If a corporation appears headed for an accumulated earnings tax problem, then one should consider accelerating dividends to take advantage of current low rates. Additionally one should consider an S election as a better solution, because S corporations are not subject to that tax. But, of course, corporate structure or exposure to built-in gain tax often precludes the S election strategy. Personal holding tax is a year-by-year calculation, so only short-term planning would be available to address it. Details about accumulated earnings and personal holding company taxes are beyond the scope of these materials.

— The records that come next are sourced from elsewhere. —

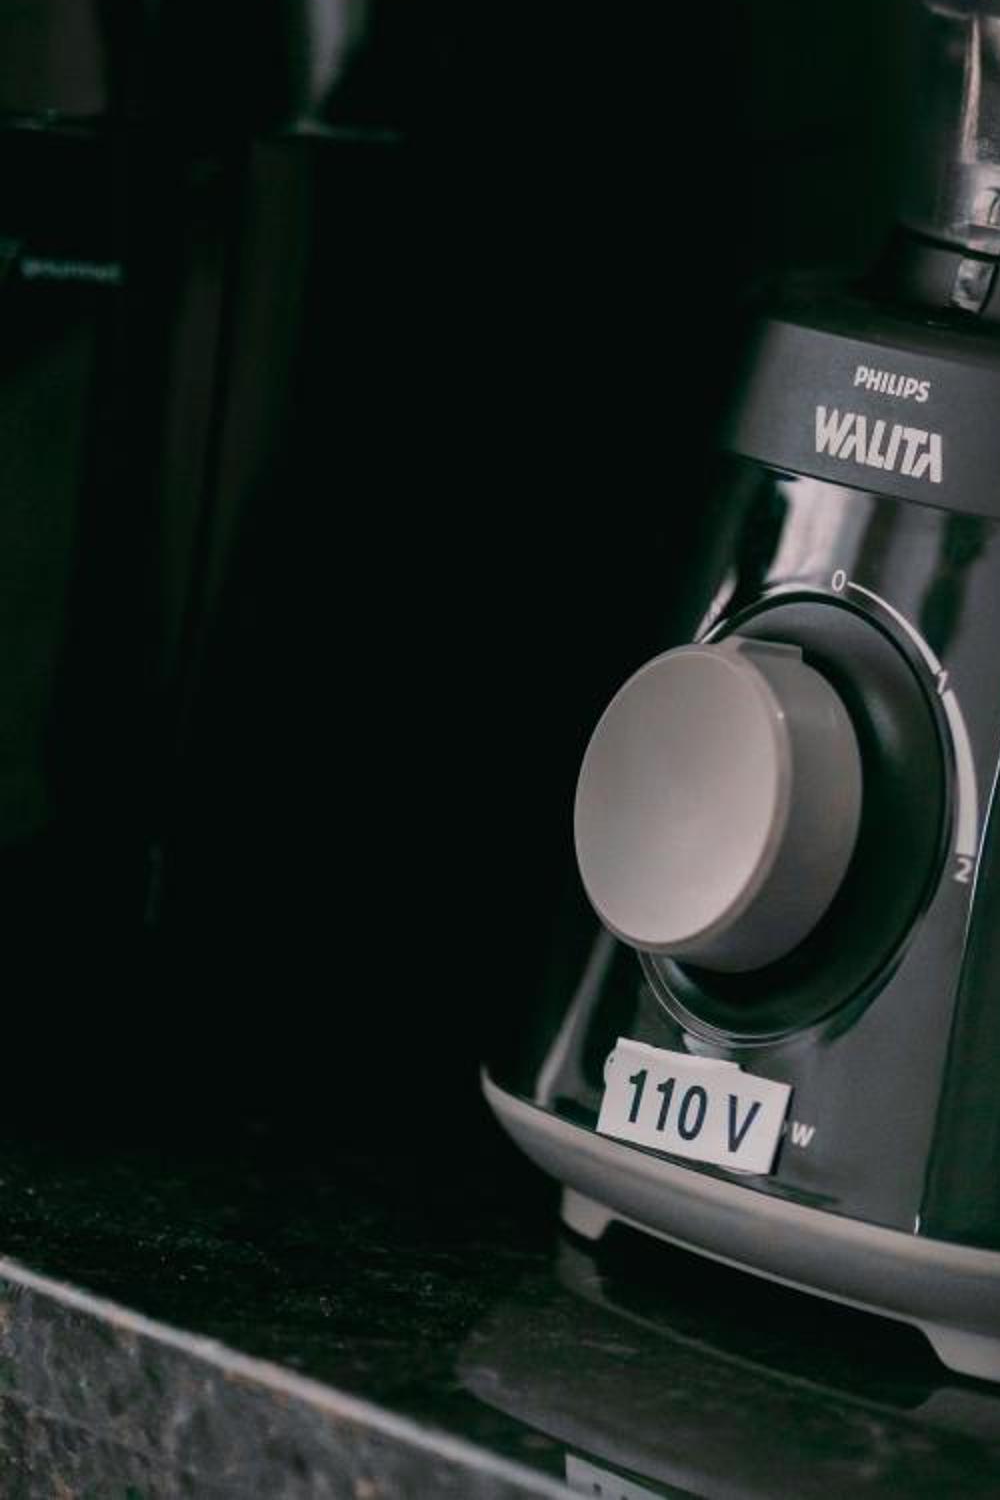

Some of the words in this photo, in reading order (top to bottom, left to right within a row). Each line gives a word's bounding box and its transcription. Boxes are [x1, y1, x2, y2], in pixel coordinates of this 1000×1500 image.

[853, 365, 931, 402] PHILIPS
[815, 405, 943, 483] WALITA
[831, 569, 846, 592] 0
[953, 856, 972, 883] 2
[628, 1068, 708, 1141] 110
[728, 1093, 762, 1153] V

Whether the shareholder needs the cash is more of a matter of when. If the shareholder plans to hold the stock for a long time, then the shareholder can get capital gains rates on the sale of stock or liquidation of the corporation, although remember that the latter risks double taxation on any growth in reinvestments of accumulated dividends.

S Corporation With E&P

If you have an S corporation with E&P that earns excess passive income, you are at risk for imposition of a tax. If the situation lasts too long, then you are at risk of the S election being terminated.

One solution is to distribute E&P. An election can be made to have all distributions come first from E&P and then, when E&P are exhausted, from AAA. The corporation can even declare a deemed dividend of E&P to practically guarantee that no E&P remain. If such a strategy is pursued, 2010 might be the last chance to get rates this low (or by the end of 2012, if the President’s proposal is enacted).

Another solution is to generate sufficient non-passive gross receipts. Nonpassive gross receipts would include an active business or active rental real estate (passive has a different definition here than it does for the Code § 469 passive loss rules). Some people stop here, because clients say that they have sold their business and do not want to run another one. However, gross receipts attributable to an active business run by someone else would also work. The most common example is oil and gas partnerships. When an S corporation just has marketable securities, experience suggests that investing only 2–3 percent of the portfolio in oil and gas partnerships will do the trick.

Therefore, although distributing the corporation’s E&P is technically sound, as a practical matter investing in oil and gas partnerships often is much less expensive than paying tax—even at current low rates—on a dividend that cleanses a corporation with substantial E&P.

Conclusion

Paying dividends now to take advantage of low dividend tax rates has its merits, but consider alternatives to see whether that strategy truly measures up. The clock is ticking!